Thanks. I've had a lot of bikes, some bought from shops as complete, some bought then gradually upgraded, some bought as frame and fork with wheelsets bought and added along with other bits. But this is the first bike I've had that come together with each individual component chosen and installed myself, including the wheels starting from hubs, rims and spokes.
It was a good way to further my mechanical education. It's a bit different from choosing a single component and installing it on an otherwise complete bike. There's a lot of factors regarding compatibility to consider. I'm hoping this will help me at my job in the bike shop. There's many situations where a customer brings a bike in to have a single component installed, and it's not until halfway through the work you realize it just won't work for a reason you failed to foresee. This is bad customer service especially if you are the one who suggested the component.


----------



## gutfiddle (Apr 27, 2006)

love it! very capable and compitent commuter!


----------



## gutfiddle (Apr 27, 2006)

double post


----------



## Slim Again Soon (Oct 25, 2005)

I just put an Alfine (essentially a Nexus -- I don't know the difference) on a bike I converted to a utility bike.

I like it so much, I now use it as my daily commuter, too. 

I use the trigger shift.

I anticipate seeing a lot more of the Shimano internal gear hubs on the road, once word gets out.


----------



## rodar y rodar (Jul 20, 2007)

Hey, that`s a nice looking ride! Somehow I missed the thread for a few days. I like that J-Tek barend shifter much better than the previous hokey methods needed to mix drop bars and Nexus hubs.

So, what`s next?









EDIT: Here`s a link to stash away just in case you ever need tech help with your hub.
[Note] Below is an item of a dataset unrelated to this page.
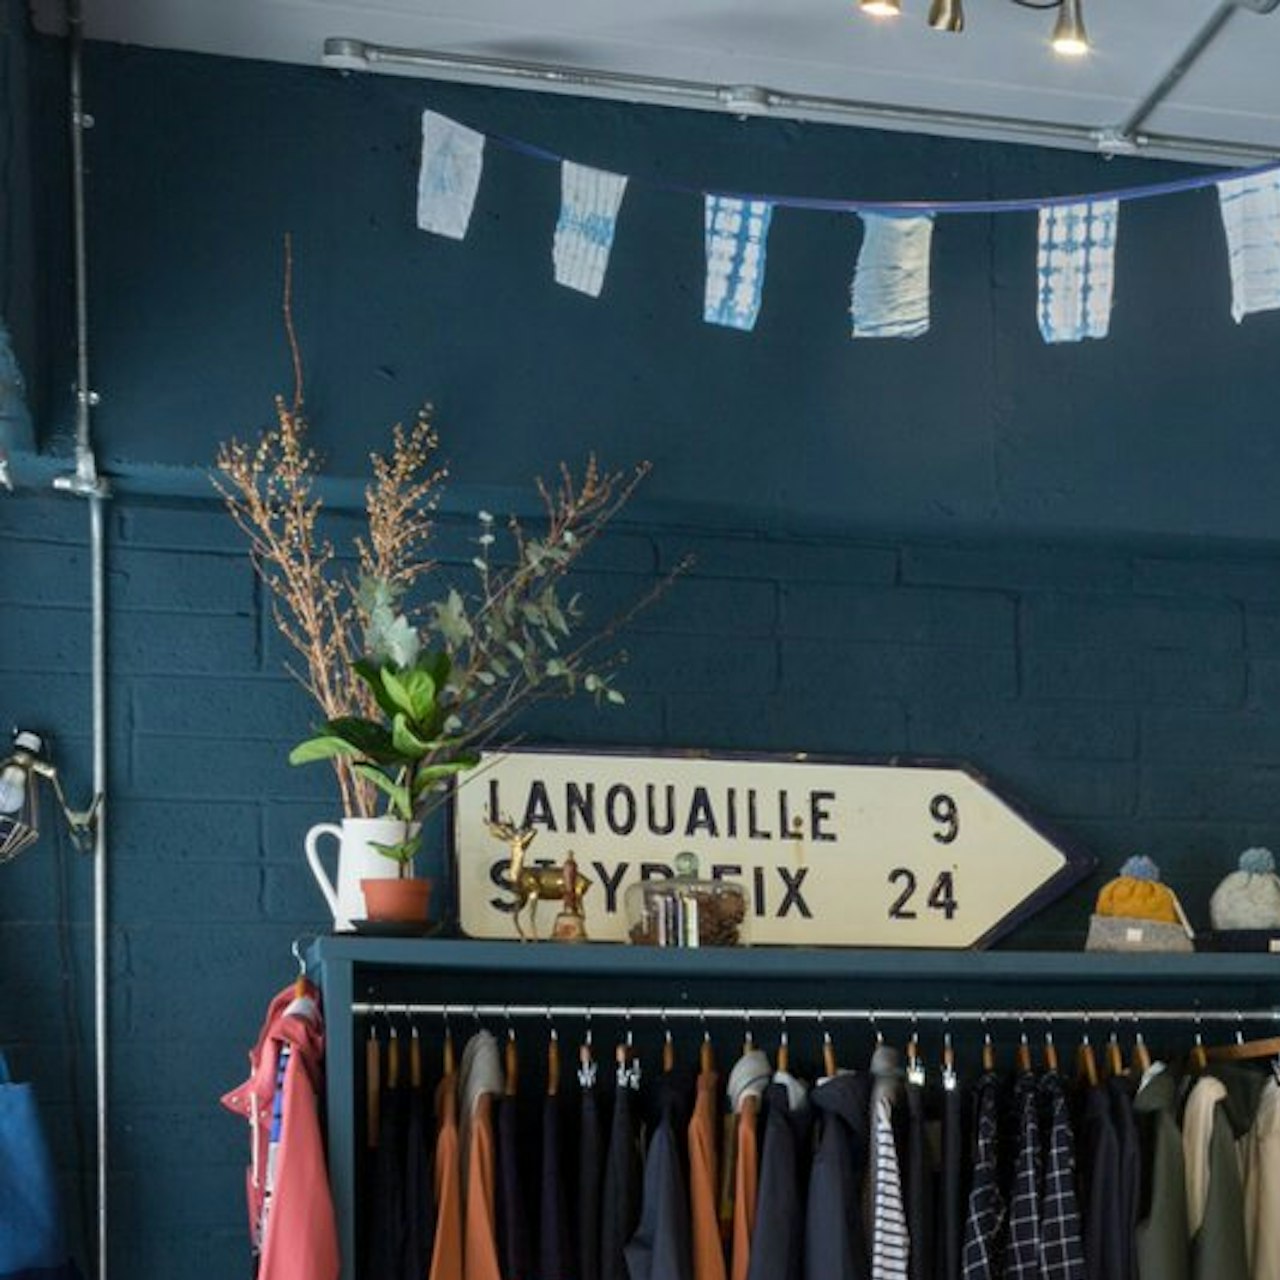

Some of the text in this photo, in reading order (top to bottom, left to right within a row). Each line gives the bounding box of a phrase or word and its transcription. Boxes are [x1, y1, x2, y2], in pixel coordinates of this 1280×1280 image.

[489, 779, 959, 844] LANOUAILLE 9
[887, 869, 958, 920] 24
I ran into a few issues while I was trying to do a lube and service on mine, and between BFnet and the IGH group, I found out all I needed and saved a good chunk of cash over the new Shimano recomended $70 oil bath.
https://groups.yahoo.com/group/Geared_hub_bikes/


----------



## Jesse D Smith (Jun 11, 2005)

rodar y rodar said:


> Hey, that`s a nice looking ride! Somehow I missed the thread for a few days. I like that J-Tek barend shifter much better than the previous hokey methods needed to mix drop bars and Nexus hubs.
> 
> So, what`s next?
> 
> ...


I joined that yahoo group after I got the hub to get as much info as I could. I got the Jtek before the Versa VRS-8 STI shifter became available. Despite it's convenience, I can't afford to make the swap, which would include brakes I assume since the Versa website says it's compatible with side pull brakes. I have no complaints with the Jtek aside from having the cable housing exit the bars in a less-than-neat way. 
What's the deal with that quick release hub? I've never seen it.


----------



## rodar y rodar (Jul 20, 2007)

Jesse D Smith said:


> What's the deal with that quick release hub? I've never seen it.


The newest Shimano dyno. I have an older model and use it with generic threaded skewers, so no more QR on mine either. They`re a nice match for the IG in back.


----------



## PaulRivers (Sep 11, 2006)

Jesse D Smith said:


> They're more weather proof. There's not the multiple cogs and pulley wheels to get gunked up. The hub's heavy, but it's offset by not having the weight of a cassette and derailleur. You can run a 1/8" chain, ring, and cog which will not wear nearly as fast as a 3/32" setup. You never have to deal with adjusting limit screws. You don't have to worry about cross-chain situations. There's options for twist shifting, trigger shifting, bar-end shifting, and now there's even an STI-styled shifter available. There's virtually no dish to the rear wheel so it's stronger.
> MTBR.COM's internal gear forum has a lot more information. They're becomming popular for mountain bikes because of the weather-proof nature and never having to worry about a broken derailleur, bent hanger, or clogged up cassette. They're available in no brake, roller brake, and disc brake versions.


Also, you can shift gears while the bike is stopped.

The downside is that shifting with an internal hub is less predictable than a well adjusted derailler - on my Alfine hub a shift can happen immediately or it can take up to (I'm guessing) 2 second. On my Dura-Ace derailler, seems like all shifts take 1.5 seconds. The upside (as mentioned) is that the shifting doesn't need adjustment *nearly* as often as a derailler does.


----------



## Bolo Grubb (Aug 25, 2004)

Welcome to the IGH club.

I also live in Tucson and ride a 1984 Trek 720 now with a red band hub. I use the twist shifter and the hubbub adapter and I am happy with that.

What mount is that you are using for your computer and headlight?


----------



## Jesse D Smith (Jun 11, 2005)

Bolo Grubb said:


> Welcome to the IGH club.
> 
> I also live in Tucson and ride a 1984 Trek 720 now with a red band hub. I use the twist shifter and the hubbub adapter and I am happy with that.
> 
> What mount is that you are using for your computer and headlight?


I'll keep an eye out for you. 
It's a Nitto lamp holder. They sell them at Benscycle.net.
It's not the lightest, but it's definitely the strongest. I could mount a floor lamp on it. 
I work at a Oro Valley Bicycle, at both their Ina/Shannon shop and the new shop at Swan/Sunrise. I get off work at 6 p.m., about the exact moment the rains start. The fenders have come in handy this past month. 
The bike's heavy as hell with the heavy hub, fenders, rack, and loaded trunk, but that's what the gears are for. And at least it makes my Lemond steel road bike feel very light.


----------



## mud390 (Sep 6, 2006)

Very nice! I like the idea and what you've done with it. I'm going to have to look at internal geared hubs now. Thanks!

Kris


----------